The COUNTIFS function is basically a more sophisticated version of the COUNTIF function. The main advantage that COUTNIFS holds over COUNTIF is that it supports multiple conditions and ranges.

However, you can also define a single range and a single condition for the COUNTIFS function, making it no practically different from the COUNTIF function.

Related: How to Count Negative Numbers in Excel

One important thing that you should understand about the COUNTIFS function before using it is that the COUNTIFS function does not simply sum the results of cells that meet the criteria for each cell range.

In reality, if you have two conditions for two ranges, the cells in the first range are filtered twice: once through the first condition, and then through the second condition. This means that the COUTNIFS function will only return values that meet both conditions, in their given ranges.

You can get a better understanding of what exactly the COUNTIFS function does by studying the example below.
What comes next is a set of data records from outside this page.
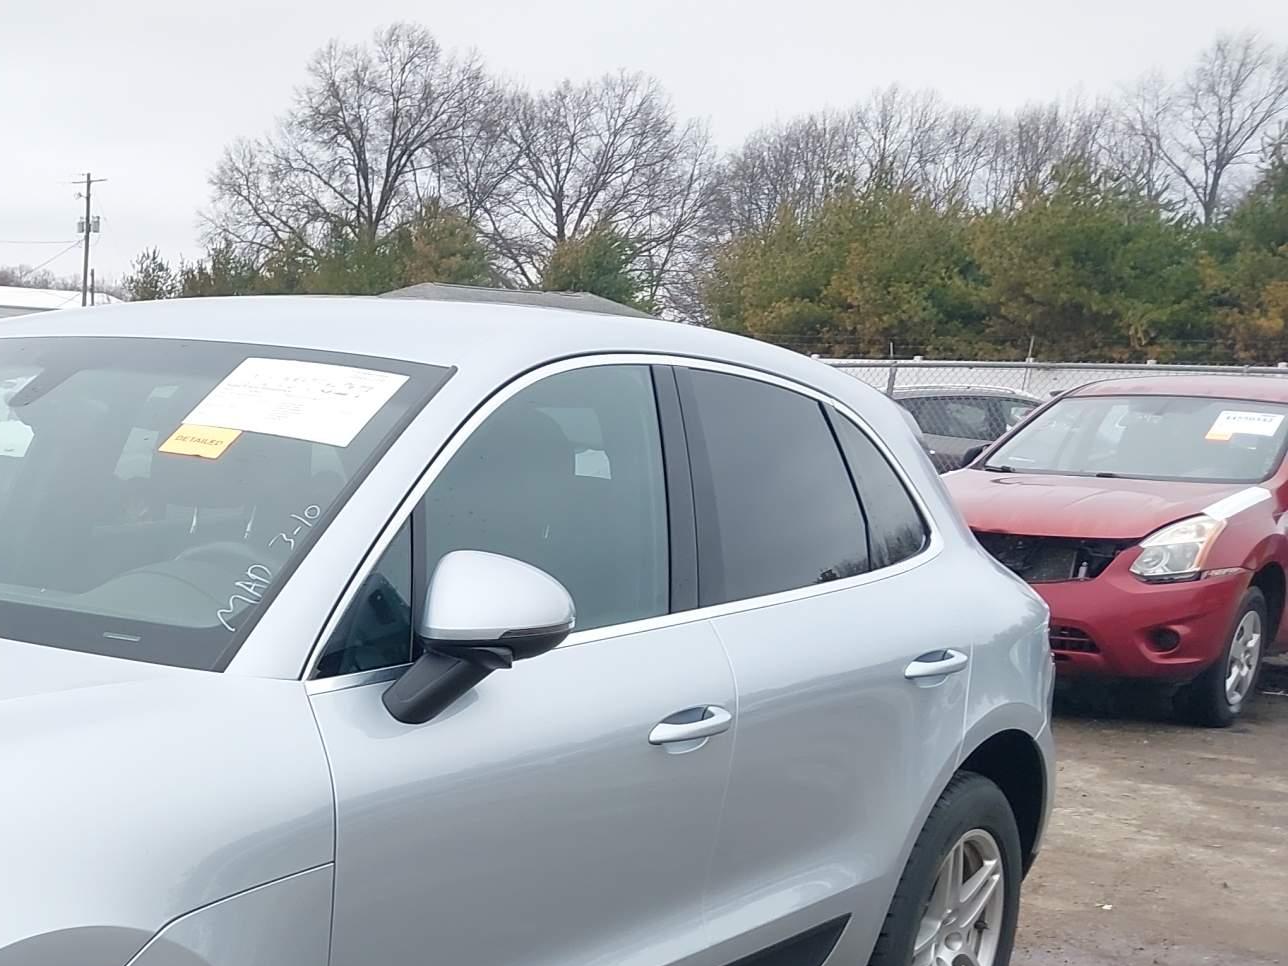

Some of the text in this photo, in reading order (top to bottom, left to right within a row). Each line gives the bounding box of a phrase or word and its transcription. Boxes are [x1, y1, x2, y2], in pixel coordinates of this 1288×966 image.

[174, 434, 224, 446] DETAILED
[216, 504, 321, 632] MAD 3-10
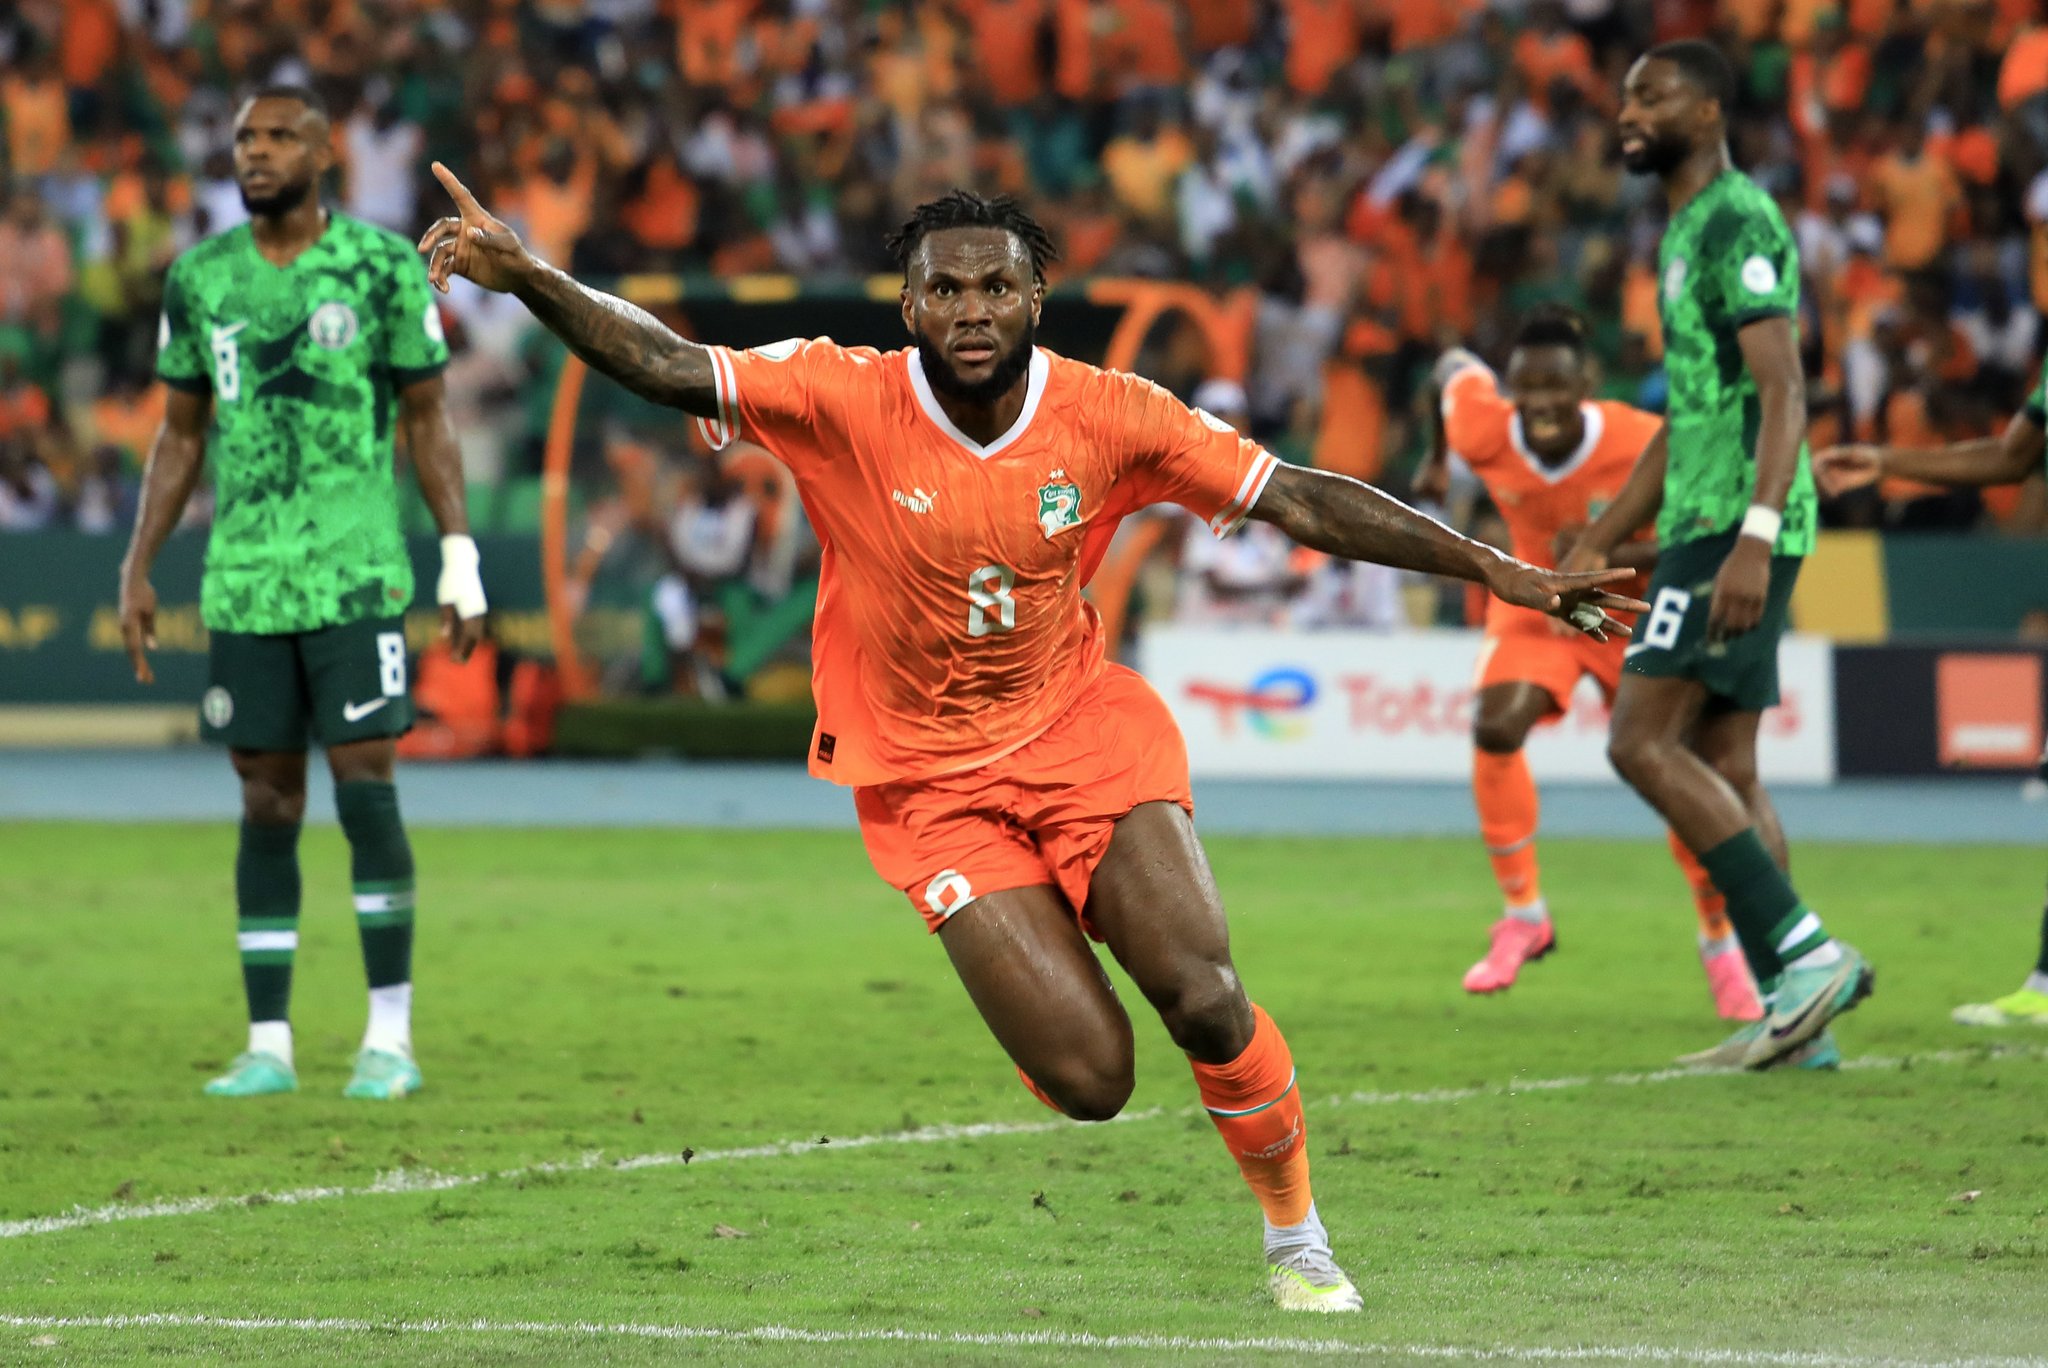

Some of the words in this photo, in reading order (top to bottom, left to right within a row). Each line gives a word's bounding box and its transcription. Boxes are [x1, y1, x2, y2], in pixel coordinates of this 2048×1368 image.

[211, 336, 240, 401] 8
[892, 488, 928, 514] PUMA
[968, 564, 1016, 637] 8
[1644, 586, 1691, 650] 6
[377, 632, 406, 696] 8
COUNITFS example in Excel.

We've extended the example from the previous section, and now aside from the color of the apples, there's a column describing their size as well. The ultimate goal in this example is to count the number of big red apples.

  1. Select the cell where you want to display the results. (In this example, we're going to display the count of big red apples in cell E3.)
  2. Go to the formula bar and enter the formula below:
            =COUNTIFS(A3:A11, "Red", B3:B11, "Big")
        
    With this, the formula tests the cells from A3 to A11 for the condition “Red”. The cells, which pass the test, are then further tested in range B3 to B11 for the condition “Big”.
  3. Press Enter.
  4. Excel will now count the number of big red apples.
Excel COUNTIFS example results.

Observe how the formula counts cells that have both the red and the big attribute. The formula takes the cells from A3 to A11 and tests them for the color red. Cells that pass this test, are then again tested for the second condition in the second range, which in this case, is being big.
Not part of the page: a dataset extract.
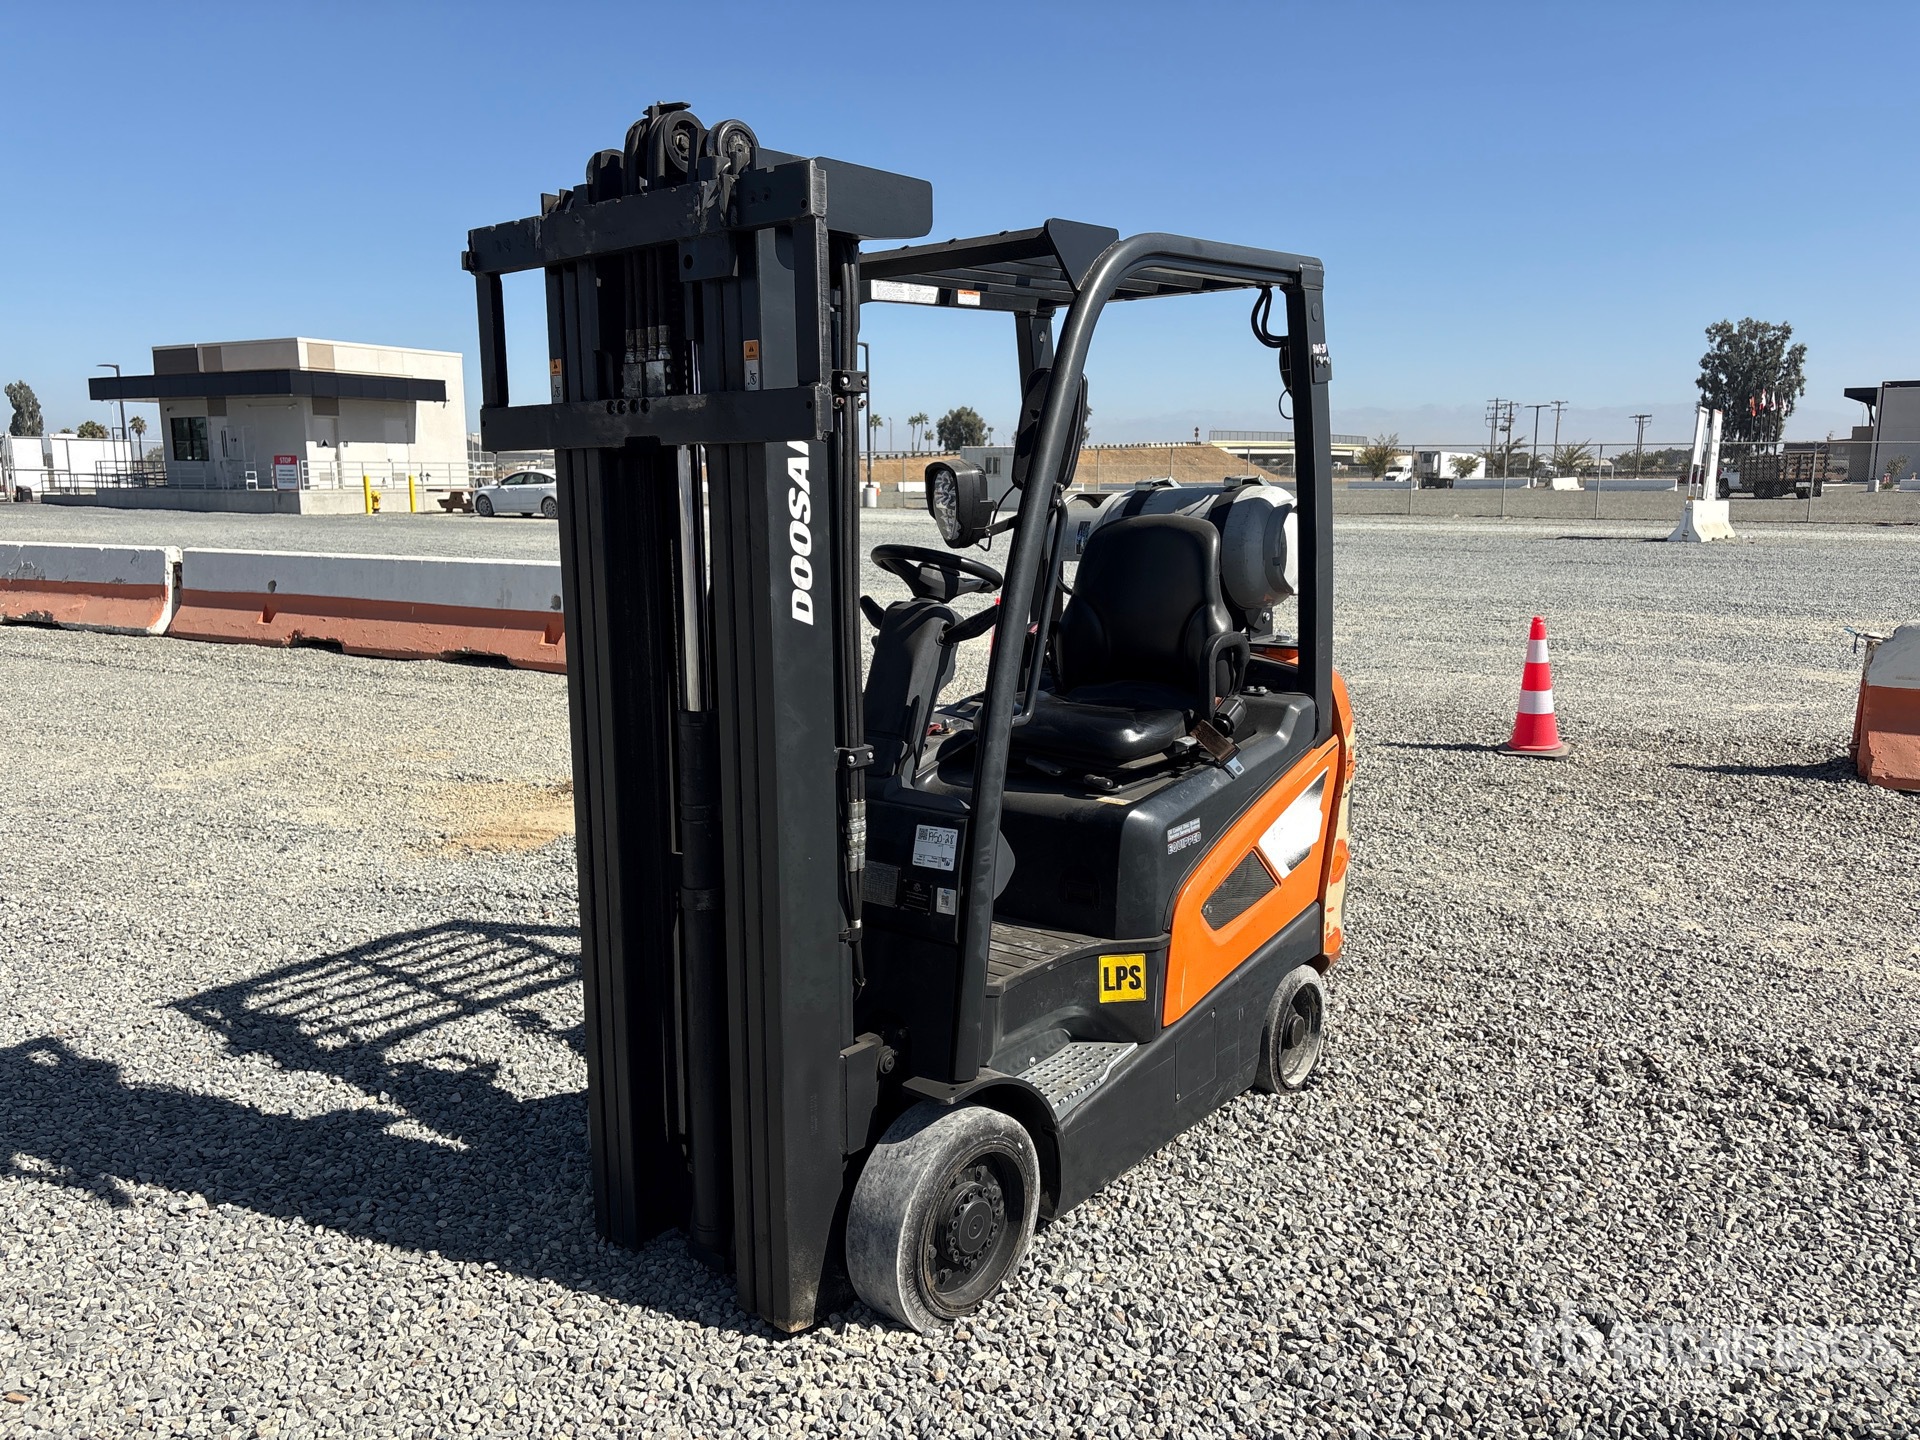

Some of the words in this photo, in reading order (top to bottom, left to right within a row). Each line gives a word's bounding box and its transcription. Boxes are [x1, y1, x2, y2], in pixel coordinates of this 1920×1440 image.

Related: How to Count Words and Characters in Excel With the LEN Function

In conclusion, the ranges and conditions after the first range and condition further narrow down the count filter and are not independent of each other. So then the final result of the formula is apples that are red and big. You can count the number of red or big apples by combining the COUNTIF function with the SUM function.

  1. Select the cell where you want to display the result of your formula. (In this example, we're going to use cell E6.)
  2. Enter the formula below:
            =SUM(COUNTIF(A3:A11, "Red"), COUNTIF(B3:B11, "Big"))
        
    This formula will count the cells containing red apples, then the number of cells containing big apples, and finally, it will sum the two numbers.
  3. Press Enter.
  4. Excel will now count and display the number of big or red apples.
SUM and COUNTIF combined in Excel.

Count More With Excel

If you have multiplied conditions for a count, or simply too long a list, then counting manually can become very frustrating. With Excel and its COUNTIF and COUNTIFS functions, you can write a formula that will take care of the counting process for you.

The small effort you make to learn this new Excel formula will allow you to gain great benefits in the future. Perhaps combining SUMPRODUCT and COUNTIF will yield some good?